◆ **Work to complete**: Each record should be given again exactly, and any picture in it left out.
[[ Provided entries open ]]
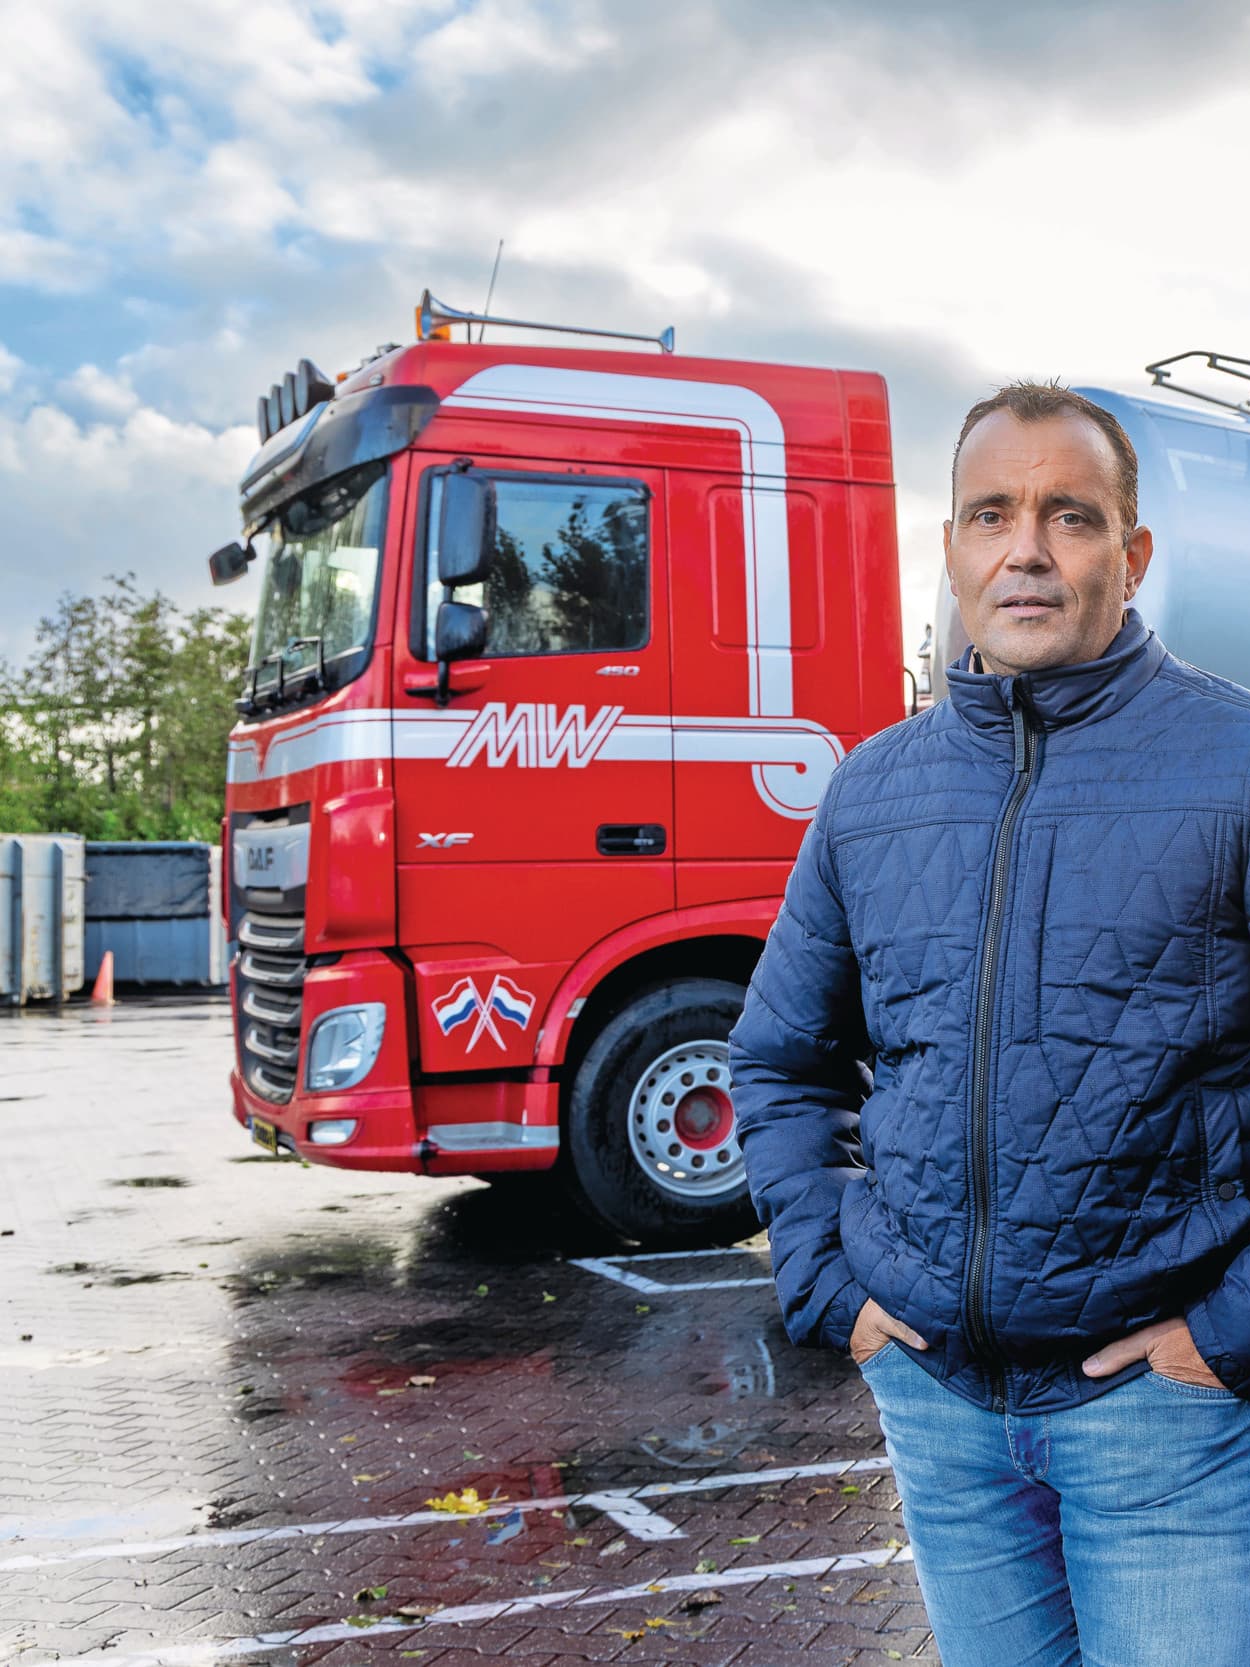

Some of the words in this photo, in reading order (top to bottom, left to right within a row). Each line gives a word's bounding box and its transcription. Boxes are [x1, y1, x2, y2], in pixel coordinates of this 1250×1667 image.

[595, 665, 640, 677] 450
[445, 701, 625, 769] MW
[415, 832, 475, 849] XF
[247, 847, 275, 872] DAF
[[ Provided entries closed ]]
◆ **Output for this exercise**:
Some of the words in this photo, in reading order (top to bottom, left to right within a row). Each line gives a word's bounding box and its transcription. Boxes are [x1, y1, x2, y2], in pixel coordinates of this 1250×1667 image.

[595, 665, 640, 677] 450
[445, 701, 625, 769] MW
[415, 832, 475, 849] XF
[247, 847, 275, 872] DAF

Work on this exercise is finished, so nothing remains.